- David R. Karger 
-
Jan O. Pedersen
Douglass R. Cutting - David R. Karger -
Jan O. Pedersen
[1]Xerox Palo Alto Research Center, 3333 Coyote Hill Road, Palo Alto, CA 94304 [2]Stanford University
In Proceedings of the Sixteenth Annual International ACM SIGIR Conference, Pittsburgh, PA June 1993.
The Scatter/Gather document browsing method uses fast document clustering to produce table-of-contents-like outlines of large document collections. Previous work [] developed linear-time document clustering algorithms to establish the feasibility of this method over moderately large collections. However, even linear-time algorithms are too slow to support interactive browsing of very large collections such as Tipster, the DARPA standard text retrieval evaluation collection. We present a scheme that supports constant interaction-time Scatter/Gather of arbitrarily large collections after near-linear time preprocessing. This involves the construction of a cluster hierarchy. A modification of Scatter/Gather employing this scheme, and an example of its use over the Tipster collection are presented.

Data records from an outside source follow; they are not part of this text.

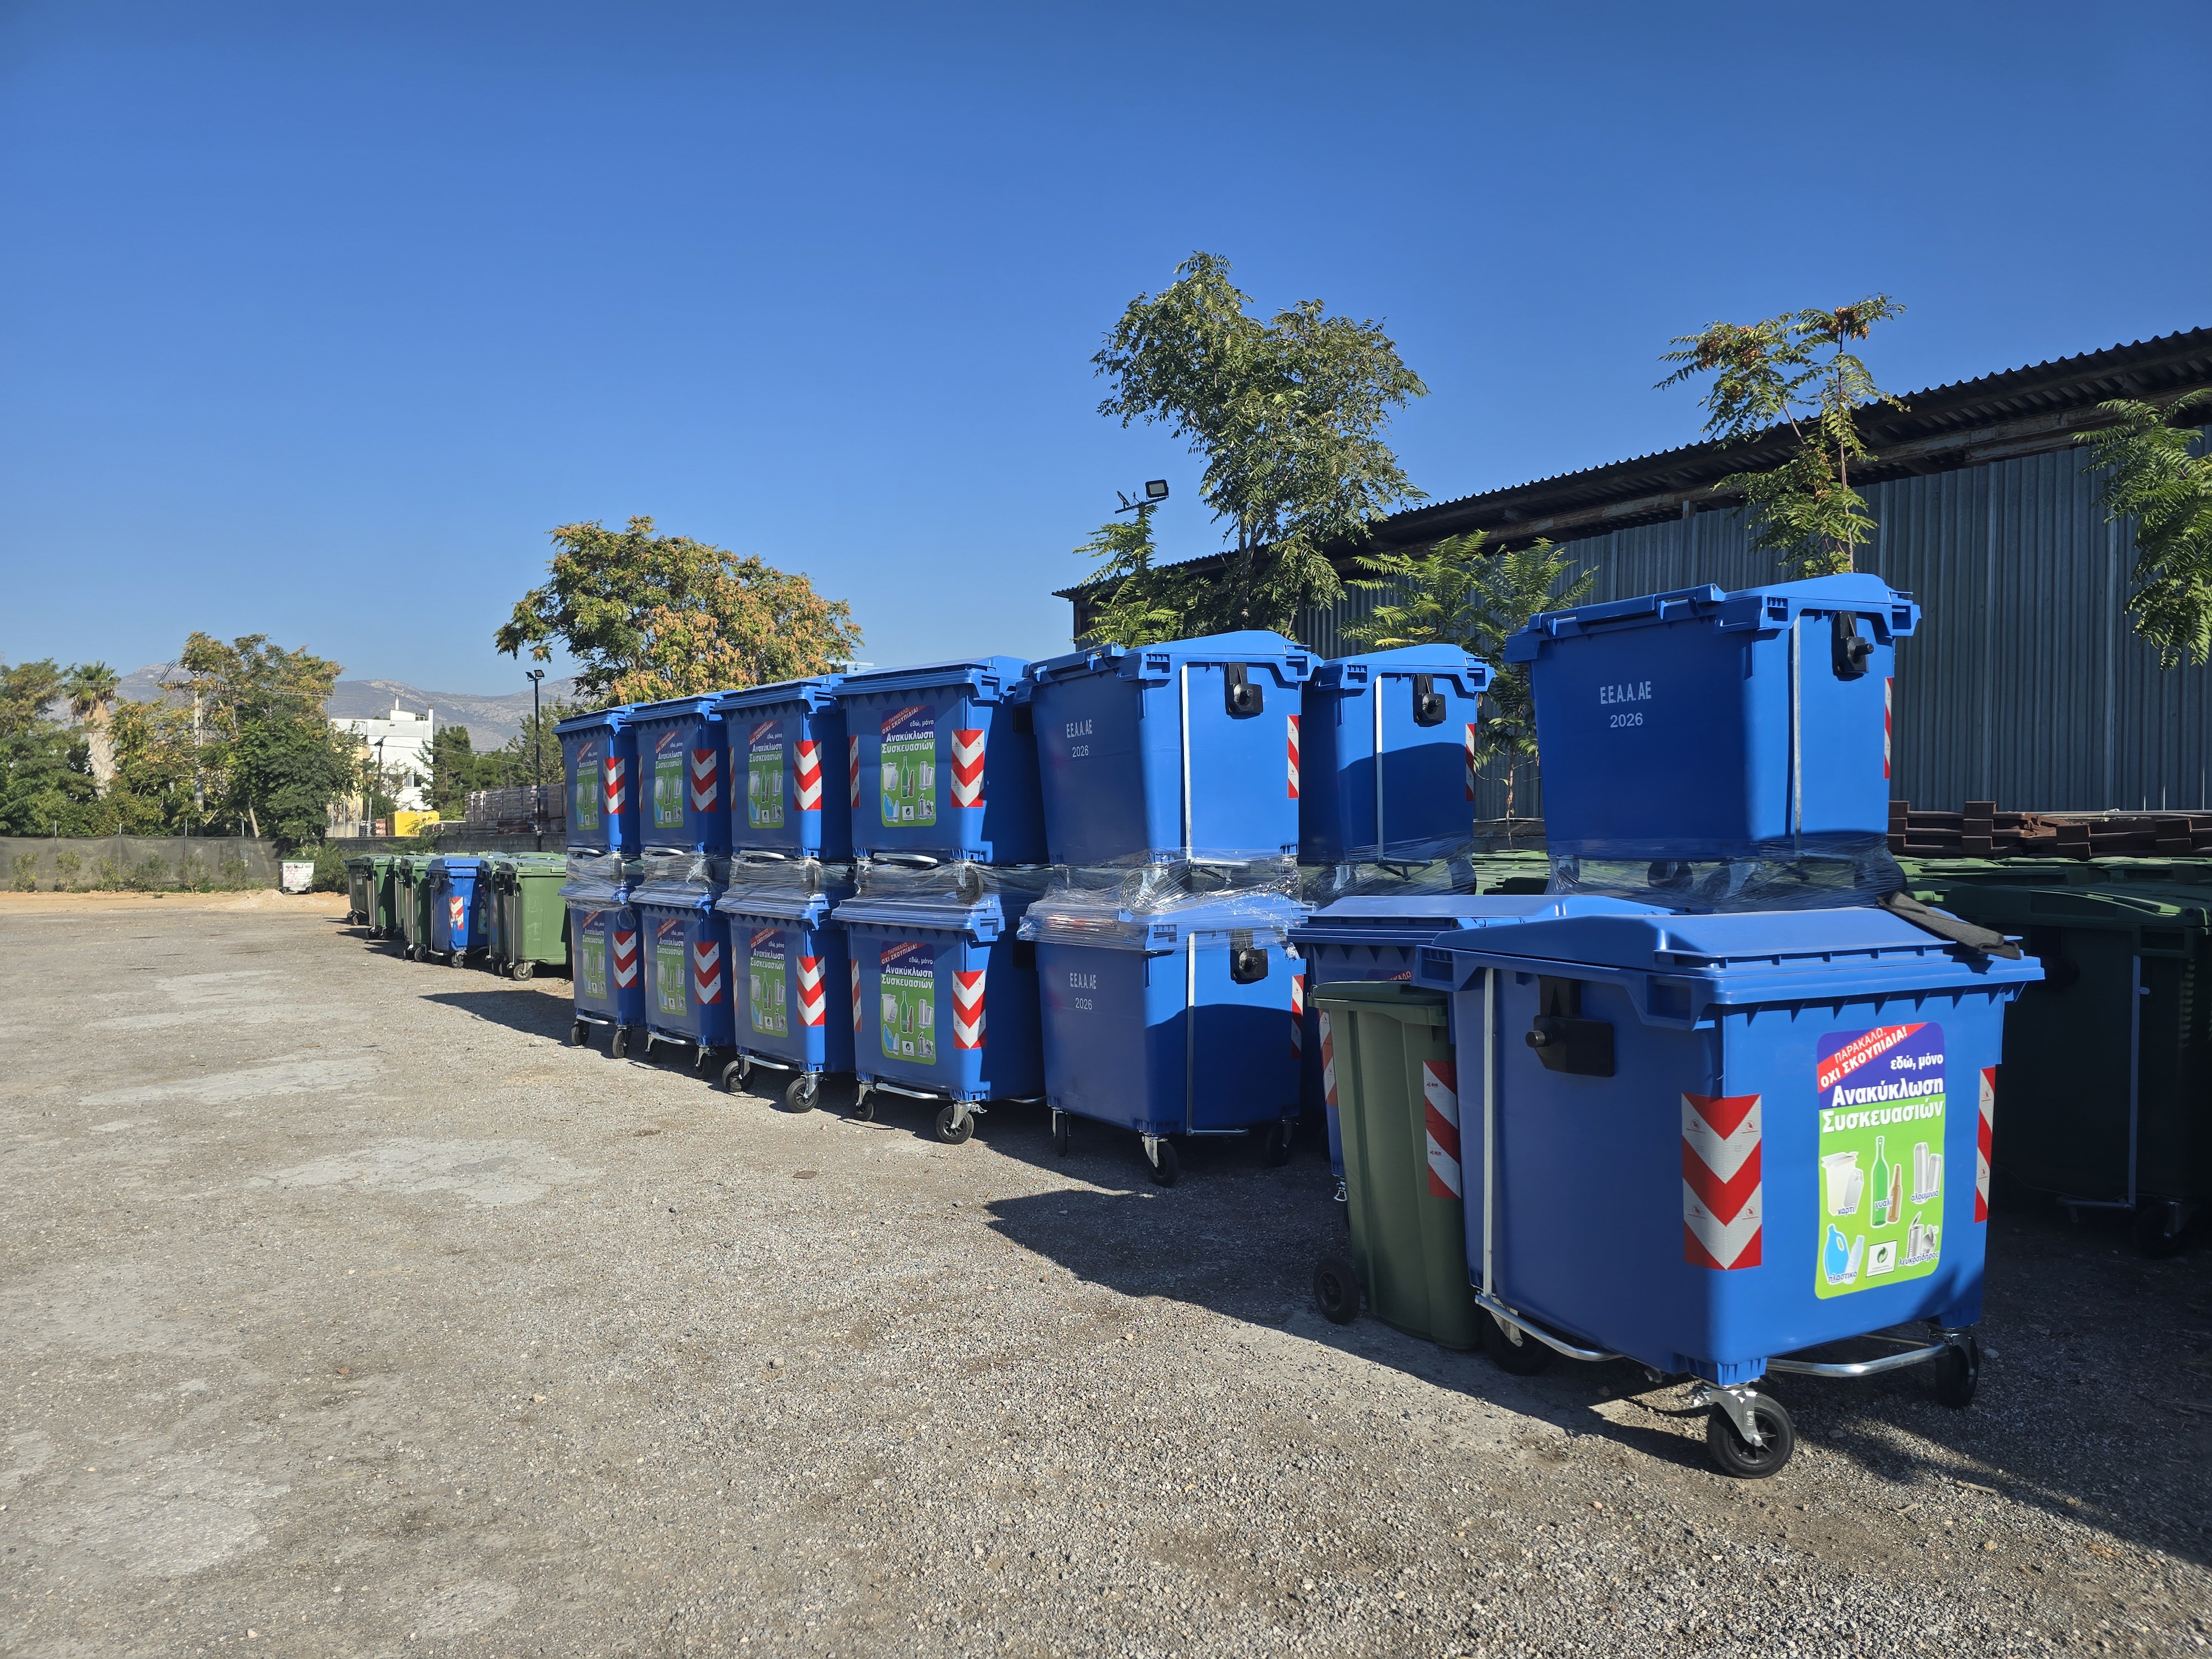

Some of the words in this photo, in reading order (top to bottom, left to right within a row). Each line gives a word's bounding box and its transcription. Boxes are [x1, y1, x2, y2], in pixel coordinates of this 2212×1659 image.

[1638, 681, 1652, 700] ΑΕ
[922, 719, 933, 727] μόνο
[1610, 712, 1643, 728] 2026
[886, 731, 933, 742] Ανακύκλωση
[881, 740, 933, 754] Συσκευασιών
[1072, 745, 1089, 758] 2026
[885, 964, 932, 978] Ανακύκλωση
[881, 974, 933, 989] Συσκευασιών
[1075, 997, 1092, 1010] 2026
[1834, 1027, 1887, 1063] ΠΑΡΑΚΑΛΩ,
[1820, 1068, 1841, 1087] ΟΧΙ
[1842, 1026, 1908, 1073] ΣΚΟΥΠΙΔΙΑ!
[1890, 1055, 1916, 1071] εδώ,
[1918, 1052, 1944, 1070] μόνο
[1832, 1078, 1944, 1107] Ανακύκλωση
[1822, 1098, 1944, 1133] Συσκευασιών
[1911, 1190, 1939, 1201] αλουμίνιο
[1838, 1203, 1855, 1215] χαρτί
[1875, 1197, 1892, 1210] γυαλί
[1898, 1251, 1939, 1266] λευκοσίδηρος
[1828, 1269, 1858, 1282] πλαστικό

Our previous work on Scatter/Gather [] has shown that document clustering can be used as a first-class tool for browsing large text collections. Browsing is distinguished from search because it is query-free. We posit situations in which the user has an information need that is either too general or too vague to be usefully expressed as a query is some search language. For example, the user may not be familiar with the vocabulary appropriate for describing a topic of interest, or may not wish to commit himself to a particular choice of words. Indeed, the user may not be looking for anything specific at all, but rather may wish to explore the general information content of the collection. In this context an information access system can still provide useful assistance by providing a navigable collection outline that suggests to the user both overall contents and a method for focussing attention on some coherent subset.

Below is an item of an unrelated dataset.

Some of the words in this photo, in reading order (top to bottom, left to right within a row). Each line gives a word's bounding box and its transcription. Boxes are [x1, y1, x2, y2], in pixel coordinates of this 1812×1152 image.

In the Scatter/Gather browsing paradigm attention is always directed towards a focus set of documents potentially interesting to the user. Initially the focus set may be an entire document collection. The focus set is clustered into a small number of topic-coherent subsets. These clusters are summarized to form a ``table of contents'' which outlines the focus set. The user can then identify and select those clusters which appear most interesting, defining a new, smaller focus set which is the union of the selected clusters. The indicated subcollection becomes the focus set, and the process repeats.
Cluster summaries are not single-phrase labels, as one might expect to see in a hand-built outline, but rather suggestive text computed automatically from documents in the cluster. The current implementation offers two types of information. Both are based upon the profile of the cluster, a vector of weights reflecting the words appearing in the cluster's documents. The first is a list of ``topical'' words, those with high weights in the cluster's profile. The second is the titles of a few ``typical'' documents in the cluster.

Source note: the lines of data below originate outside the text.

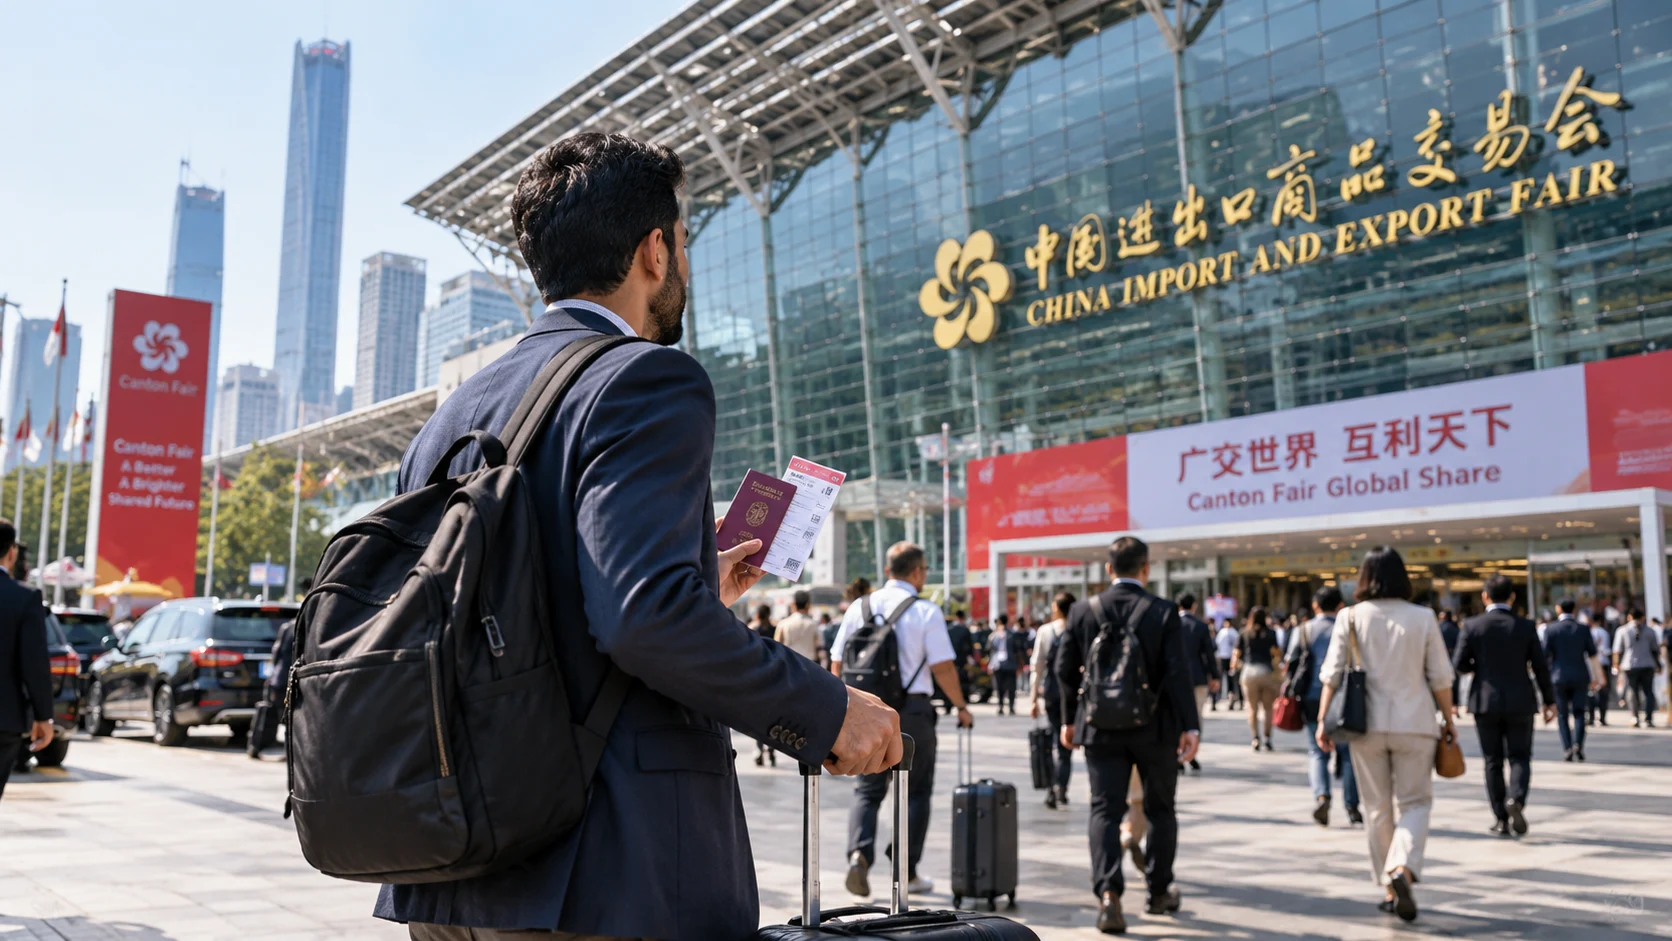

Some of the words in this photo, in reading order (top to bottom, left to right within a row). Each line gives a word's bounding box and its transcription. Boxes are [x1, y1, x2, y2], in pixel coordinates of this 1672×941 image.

[1024, 65, 1621, 291] 中国进出口商品交易会
[1026, 284, 1111, 327] CHINA
[1123, 250, 1238, 305] IMPORT
[1249, 231, 1321, 275] AND
[1335, 187, 1492, 255] EXPORT
[1509, 158, 1618, 214] FAIR
[119, 374, 168, 392] Canton
[171, 380, 198, 396] Fair
[113, 438, 165, 457] Canton
[167, 442, 195, 458] Fair
[1178, 431, 1319, 484] 广交世界
[1343, 403, 1514, 464] 互利天下
[121, 459, 132, 472] A
[134, 460, 176, 476] Better
[119, 476, 130, 489] A
[132, 477, 185, 493] Brighter
[1187, 489, 1265, 512] Canton
[1272, 481, 1317, 503] Fair
[1327, 469, 1409, 498] Global
[1419, 464, 1502, 489] Share
[108, 492, 152, 507] Shared
[154, 494, 195, 510] Future

Scatter/Gather is not envisioned as a stand-alone information access tool. Rather it is best used in tandem with search methods, such as a boolean search or similarity search. This is in analogy to paper reference books, which offer two access modes, a table of contents in the front for browsing and an index in the back for more directed searches. We anticipate that Scatter/Gather will not necessarily be used to find particular documents, but will instead, by giving exposure to the vocabulary presented in cluster summaries, help guide complementary search methods. For example, a cluster's profile may be used as a similarity search vector in a query against the entire collection. Conversely, Scatter/Gather may also be used to organize the results of word-based queries which retrieve too many documents.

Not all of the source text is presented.